In This Article
OHSA Requirements for Cofferdams
OHSA Construction Regulation O.Reg 213/91 Part XI (Cofferdams and Caissons) governs temporary water-exclusion structures on Ontario construction sites:
- Section 216: Cofferdams must be designed by a P.Eng. The design must be on-site before construction of the cofferdam commences.
- Section 217: Cofferdams must be built in accordance with the P.Eng design. Changes to the design or field conditions that affect structural adequacy must be reviewed and approved by the P.Eng before implementation.
- Section 218: Where workers are required to work inside a cofferdam, means of quick escape must be provided. The constructor must ensure the cofferdam interior is inspected after freshets, storms, or any event that may have affected its structural integrity.
- Section 219: Pumping equipment for dewatering must be maintained and have a back-up in case of primary pump failure — a flooded cofferdam with workers inside is a fatality scenario.

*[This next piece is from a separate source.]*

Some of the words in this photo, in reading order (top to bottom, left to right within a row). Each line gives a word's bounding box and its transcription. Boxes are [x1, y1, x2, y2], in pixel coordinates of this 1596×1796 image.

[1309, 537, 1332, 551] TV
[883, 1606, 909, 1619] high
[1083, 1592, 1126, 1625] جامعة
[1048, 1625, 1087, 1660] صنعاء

Ontario Permit Requirements
Cofferdam projects in Ontario require permits from multiple authorities depending on project type and location:
| Authority | Legislation | Trigger |
|---|---|---|
| MNRF (Ontario) | Lakes and Rivers Improvement Act | Any work in or significantly altering the bed, banks, or flow of a Canadian lake, river, or stream |
| Conservation Authority (e.g., TRCA) | Conservation Authorities Act | Work in or adjacent to regulated watercourses, flood plains, or wetlands |
| MECP (Ontario) | Ontario Water Resources Act | Dewatering may require a Permit to Take Water (PTTW) depending on the withdrawal volume and the current regulatory threshold |
| DFO (Federal) | Fisheries Act | Any work that may cause serious harm to fish or fish habitat — requires authorization or offsetting |
| Transport Canada | Navigation Protection Act | Work affecting navigable waters |
Multi-permit cofferdam projects — which are typical for any work in an Ontario watercourse — often involve extended permitting lead times. MNRF, DFO, conservation authority, navigation, and dewatering reviews can run on different schedules, so early pre-application consultation with all permitting authorities is essential for project scheduling.

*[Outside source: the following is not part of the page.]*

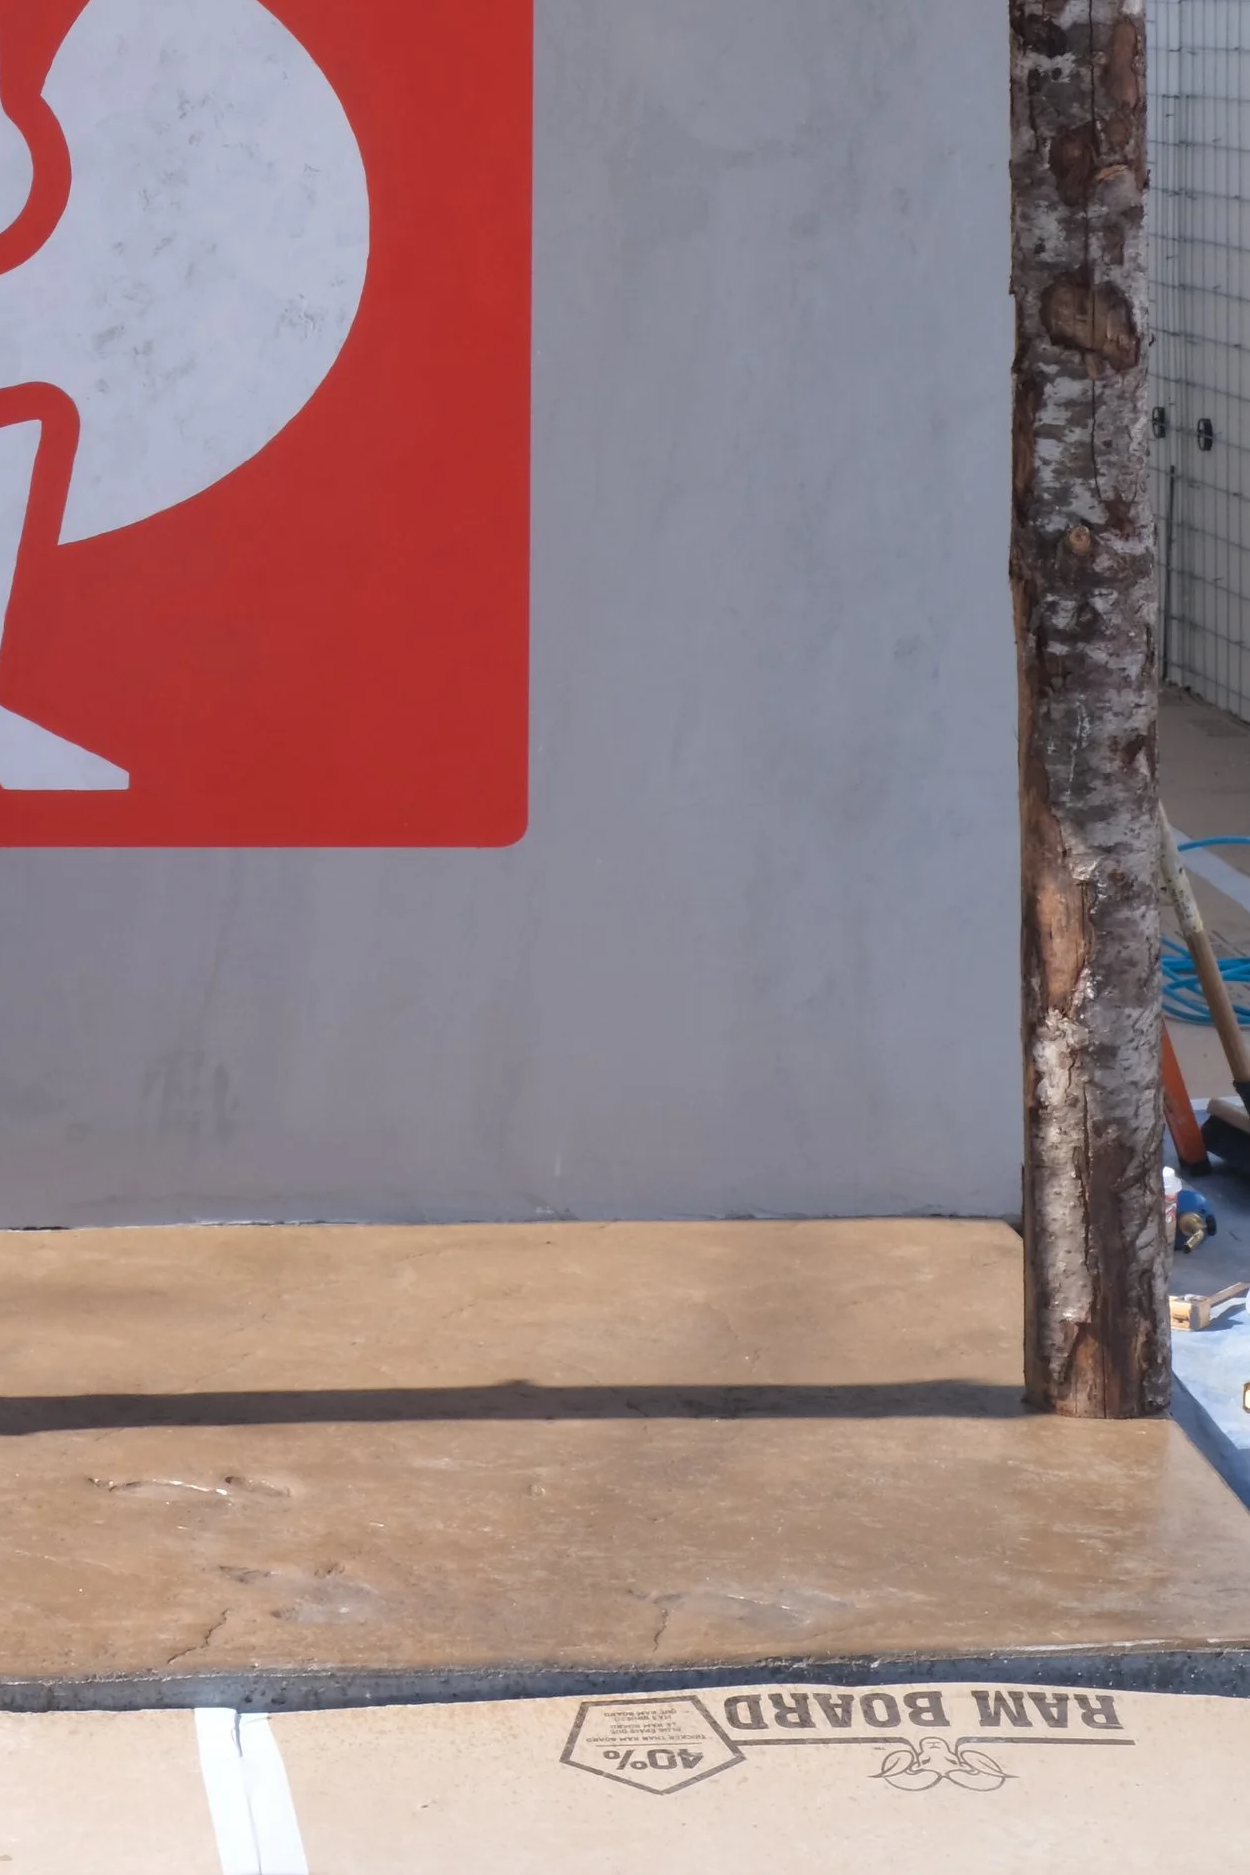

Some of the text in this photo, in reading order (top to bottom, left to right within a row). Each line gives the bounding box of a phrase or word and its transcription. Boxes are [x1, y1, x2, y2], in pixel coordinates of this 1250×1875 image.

[724, 1690, 1124, 1730] RAM BOARD
[603, 1748, 703, 1770] 40%

Cofferdam Types Used in Ontario
- Sheet pile cofferdams: The predominant type for Ontario urban bridge and waterfront construction. Cold-formed steel sheet piles (Larssen Z-profiles or U-profiles) are driven into the river or lake bed using vibratory or impact hammers. Interlocking clutches provide a watertight seal. Internal bracing struts or tiebacks resist the net water/soil pressure. Sheet piles can often be extracted and reused after the permanent structure is complete.
- Earthen cofferdams: Compacted earth berms placed in shallow, slow-moving water — typically used for culvert replacement or minor bridge work on small Ontario watercourses with minimal flow. Low cost but limited to very specific site conditions. Environmental impact on sediment and fish habitat can be significant and triggers DFO scrutiny.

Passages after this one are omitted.